Dataset entries:
=====
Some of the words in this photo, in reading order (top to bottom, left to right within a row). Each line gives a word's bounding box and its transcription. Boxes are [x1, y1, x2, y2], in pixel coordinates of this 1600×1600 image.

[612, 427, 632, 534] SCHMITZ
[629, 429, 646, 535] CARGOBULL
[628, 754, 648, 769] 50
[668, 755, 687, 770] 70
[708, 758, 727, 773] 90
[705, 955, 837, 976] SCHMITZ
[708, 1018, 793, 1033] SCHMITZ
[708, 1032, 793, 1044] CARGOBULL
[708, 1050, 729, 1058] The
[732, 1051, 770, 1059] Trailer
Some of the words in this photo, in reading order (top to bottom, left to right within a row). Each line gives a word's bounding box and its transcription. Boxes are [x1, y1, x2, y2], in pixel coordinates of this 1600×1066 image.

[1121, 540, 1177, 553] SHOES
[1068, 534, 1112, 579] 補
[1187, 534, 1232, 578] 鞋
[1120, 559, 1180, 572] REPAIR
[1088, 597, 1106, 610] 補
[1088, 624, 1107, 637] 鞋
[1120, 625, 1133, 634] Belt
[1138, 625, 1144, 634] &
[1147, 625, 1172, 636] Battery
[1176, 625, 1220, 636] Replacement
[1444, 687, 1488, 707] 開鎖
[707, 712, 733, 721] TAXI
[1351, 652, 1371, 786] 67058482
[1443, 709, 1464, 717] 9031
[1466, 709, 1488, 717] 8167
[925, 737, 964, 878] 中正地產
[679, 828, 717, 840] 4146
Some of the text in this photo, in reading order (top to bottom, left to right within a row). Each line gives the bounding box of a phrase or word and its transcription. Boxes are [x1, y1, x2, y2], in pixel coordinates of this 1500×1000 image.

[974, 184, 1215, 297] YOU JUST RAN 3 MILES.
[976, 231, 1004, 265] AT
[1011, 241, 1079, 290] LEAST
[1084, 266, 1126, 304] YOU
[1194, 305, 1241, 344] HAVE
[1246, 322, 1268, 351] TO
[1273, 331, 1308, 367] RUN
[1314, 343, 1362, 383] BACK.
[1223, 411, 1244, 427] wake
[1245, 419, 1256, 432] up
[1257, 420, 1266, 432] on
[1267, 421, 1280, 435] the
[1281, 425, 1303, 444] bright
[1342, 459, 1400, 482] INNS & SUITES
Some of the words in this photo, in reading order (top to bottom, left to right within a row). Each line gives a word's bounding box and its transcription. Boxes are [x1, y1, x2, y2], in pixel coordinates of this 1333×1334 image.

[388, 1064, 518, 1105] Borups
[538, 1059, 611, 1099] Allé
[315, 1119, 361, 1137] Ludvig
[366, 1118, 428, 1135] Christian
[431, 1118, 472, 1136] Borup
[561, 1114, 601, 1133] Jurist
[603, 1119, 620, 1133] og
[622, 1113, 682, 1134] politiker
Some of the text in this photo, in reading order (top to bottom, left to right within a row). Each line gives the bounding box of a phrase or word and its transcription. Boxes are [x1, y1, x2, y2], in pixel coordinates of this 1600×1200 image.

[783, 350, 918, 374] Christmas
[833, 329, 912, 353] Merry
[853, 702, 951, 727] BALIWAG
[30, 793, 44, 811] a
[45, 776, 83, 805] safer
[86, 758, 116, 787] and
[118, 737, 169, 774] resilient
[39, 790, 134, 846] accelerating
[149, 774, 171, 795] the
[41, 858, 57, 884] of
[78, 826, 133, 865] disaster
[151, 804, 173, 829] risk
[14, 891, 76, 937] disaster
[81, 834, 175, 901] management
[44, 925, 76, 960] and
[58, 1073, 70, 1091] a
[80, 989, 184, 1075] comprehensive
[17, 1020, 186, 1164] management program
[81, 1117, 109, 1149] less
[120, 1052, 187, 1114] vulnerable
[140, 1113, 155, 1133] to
=====
Reproduce all of the entries above verbatim.

Exercise solution:
Some of the words in this photo, in reading order (top to bottom, left to right within a row). Each line gives a word's bounding box and its transcription. Boxes are [x1, y1, x2, y2], in pixel coordinates of this 1600×1600 image.

[612, 427, 632, 534] SCHMITZ
[629, 429, 646, 535] CARGOBULL
[628, 754, 648, 769] 50
[668, 755, 687, 770] 70
[708, 758, 727, 773] 90
[705, 955, 837, 976] SCHMITZ
[708, 1018, 793, 1033] SCHMITZ
[708, 1032, 793, 1044] CARGOBULL
[708, 1050, 729, 1058] The
[732, 1051, 770, 1059] Trailer
Some of the words in this photo, in reading order (top to bottom, left to right within a row). Each line gives a word's bounding box and its transcription. Boxes are [x1, y1, x2, y2], in pixel coordinates of this 1600×1066 image.

[1121, 540, 1177, 553] SHOES
[1068, 534, 1112, 579] 補
[1187, 534, 1232, 578] 鞋
[1120, 559, 1180, 572] REPAIR
[1088, 597, 1106, 610] 補
[1088, 624, 1107, 637] 鞋
[1120, 625, 1133, 634] Belt
[1138, 625, 1144, 634] &
[1147, 625, 1172, 636] Battery
[1176, 625, 1220, 636] Replacement
[1444, 687, 1488, 707] 開鎖
[707, 712, 733, 721] TAXI
[1351, 652, 1371, 786] 67058482
[1443, 709, 1464, 717] 9031
[1466, 709, 1488, 717] 8167
[925, 737, 964, 878] 中正地產
[679, 828, 717, 840] 4146
Some of the text in this photo, in reading order (top to bottom, left to right within a row). Each line gives the bounding box of a phrase or word and its transcription. Boxes are [x1, y1, x2, y2], in pixel coordinates of this 1500×1000 image.

[974, 184, 1215, 297] YOU JUST RAN 3 MILES.
[976, 231, 1004, 265] AT
[1011, 241, 1079, 290] LEAST
[1084, 266, 1126, 304] YOU
[1194, 305, 1241, 344] HAVE
[1246, 322, 1268, 351] TO
[1273, 331, 1308, 367] RUN
[1314, 343, 1362, 383] BACK.
[1223, 411, 1244, 427] wake
[1245, 419, 1256, 432] up
[1257, 420, 1266, 432] on
[1267, 421, 1280, 435] the
[1281, 425, 1303, 444] bright
[1342, 459, 1400, 482] INNS & SUITES
Some of the words in this photo, in reading order (top to bottom, left to right within a row). Each line gives a word's bounding box and its transcription. Boxes are [x1, y1, x2, y2], in pixel coordinates of this 1333×1334 image.

[388, 1064, 518, 1105] Borups
[538, 1059, 611, 1099] Allé
[315, 1119, 361, 1137] Ludvig
[366, 1118, 428, 1135] Christian
[431, 1118, 472, 1136] Borup
[561, 1114, 601, 1133] Jurist
[603, 1119, 620, 1133] og
[622, 1113, 682, 1134] politiker
Some of the text in this photo, in reading order (top to bottom, left to right within a row). Each line gives the bounding box of a phrase or word and its transcription. Boxes are [x1, y1, x2, y2], in pixel coordinates of this 1600×1200 image.

[783, 350, 918, 374] Christmas
[833, 329, 912, 353] Merry
[853, 702, 951, 727] BALIWAG
[30, 793, 44, 811] a
[45, 776, 83, 805] safer
[86, 758, 116, 787] and
[118, 737, 169, 774] resilient
[39, 790, 134, 846] accelerating
[149, 774, 171, 795] the
[41, 858, 57, 884] of
[78, 826, 133, 865] disaster
[151, 804, 173, 829] risk
[14, 891, 76, 937] disaster
[81, 834, 175, 901] management
[44, 925, 76, 960] and
[58, 1073, 70, 1091] a
[80, 989, 184, 1075] comprehensive
[17, 1020, 186, 1164] management program
[81, 1117, 109, 1149] less
[120, 1052, 187, 1114] vulnerable
[140, 1113, 155, 1133] to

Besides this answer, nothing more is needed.